4. The method according to claim 1, characterized in that: The custom rule instance includes at least one of a WASM rule instance and a Lua rule instance; The WASM rule instance includes a WASM bytecode generated for a first digital asset and an asset identifier corresponding to the first digital asset. The Lua rule instance includes generating a Lua script for the second digital asset and an asset identifier corresponding to the digital asset.

5. The method according to claim 1, characterized in that The generating a computing task according to the data to be processed and the target rule instance includes: Determining privacy protection feature information corresponding to the data to be processed; Determine the target task type according to the privacy feature information; According to the target task type, a computing task is generated based on the data to be processed and the target rule instance.

6. The method according to any one of claims 1 to 5, characterized in that: The performing of the computing task to obtain a computing result includes: If the computing task includes the general rule instance, the native runtime environment is used to execute the computing task and generate a computing result; If the computing task includes the custom rule instance, a virtual machine matching the computing task is used to execute the computing task and generate a computing result.

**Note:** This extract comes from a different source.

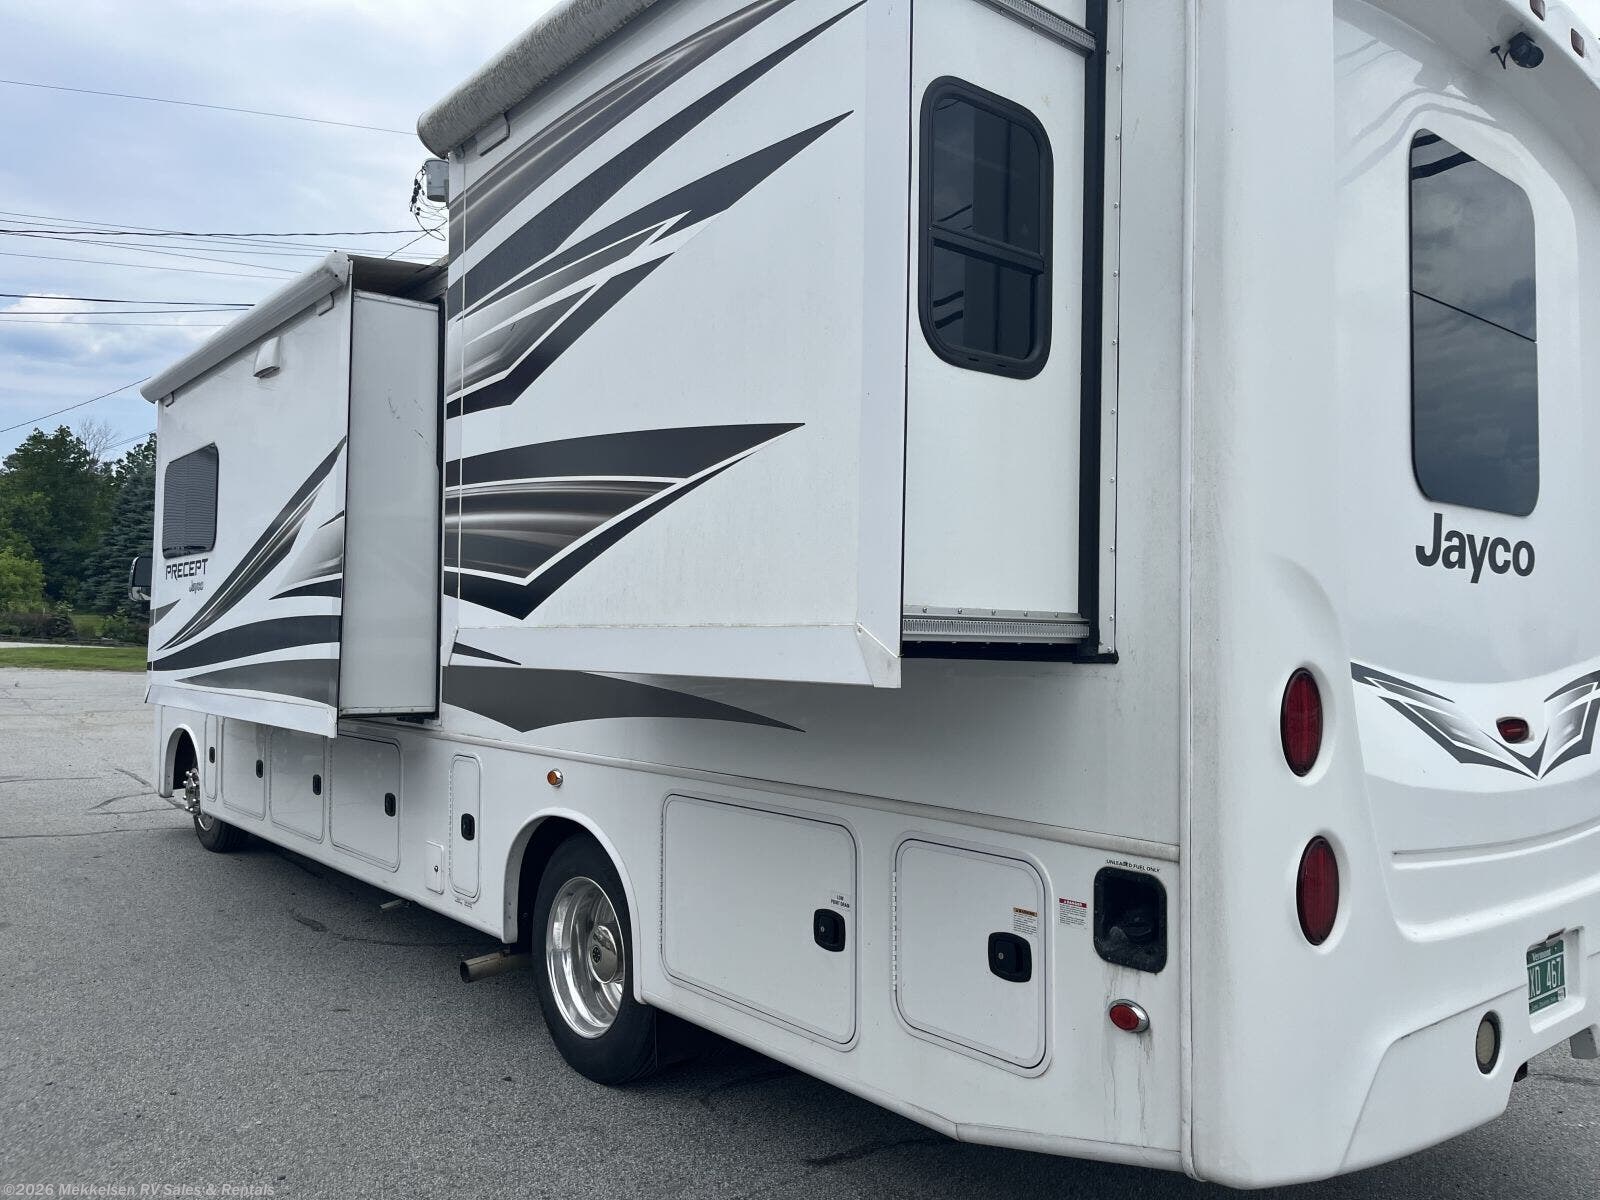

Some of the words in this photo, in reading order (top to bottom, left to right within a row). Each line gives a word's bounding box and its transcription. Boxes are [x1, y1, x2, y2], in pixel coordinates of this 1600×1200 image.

7. The method according to claim 1, characterized in that The method further comprises: Receive a new custom rule instance; Determining meta information corresponding to the new custom rule instance; After registering in a preset blockchain using the meta information, the new custom rule instance is added to the rule instance set.

8. A digital asset data processing device, characterized in that: include: A data acquisition module, used to acquire the data to be processed corresponding to the digital assets; A target rule instance determination module, used to determine a target rule instance matching the data to be processed from a preset rule instance set; the rule instance set includes a general rule instance and a custom rule instance set for the digital asset; A computing task generation module, used to generate a computing task according to the data to be processed and the target rule instance; The calculation processing module is used to execute the calculation task to obtain the calculation result.

9. An electronic device, characterized in that: The electronic device comprises a processor, a memory, and a computer program stored in the memory and executable on the processor, wherein when the processor executes the computer program, the electronic device implements the method according to any one of claims 1 to 7.

10. A computer program product, characterized in that The invention comprises a computer program, which, when being executed, enables the method according to any one of claims 1 to 7 to be performed.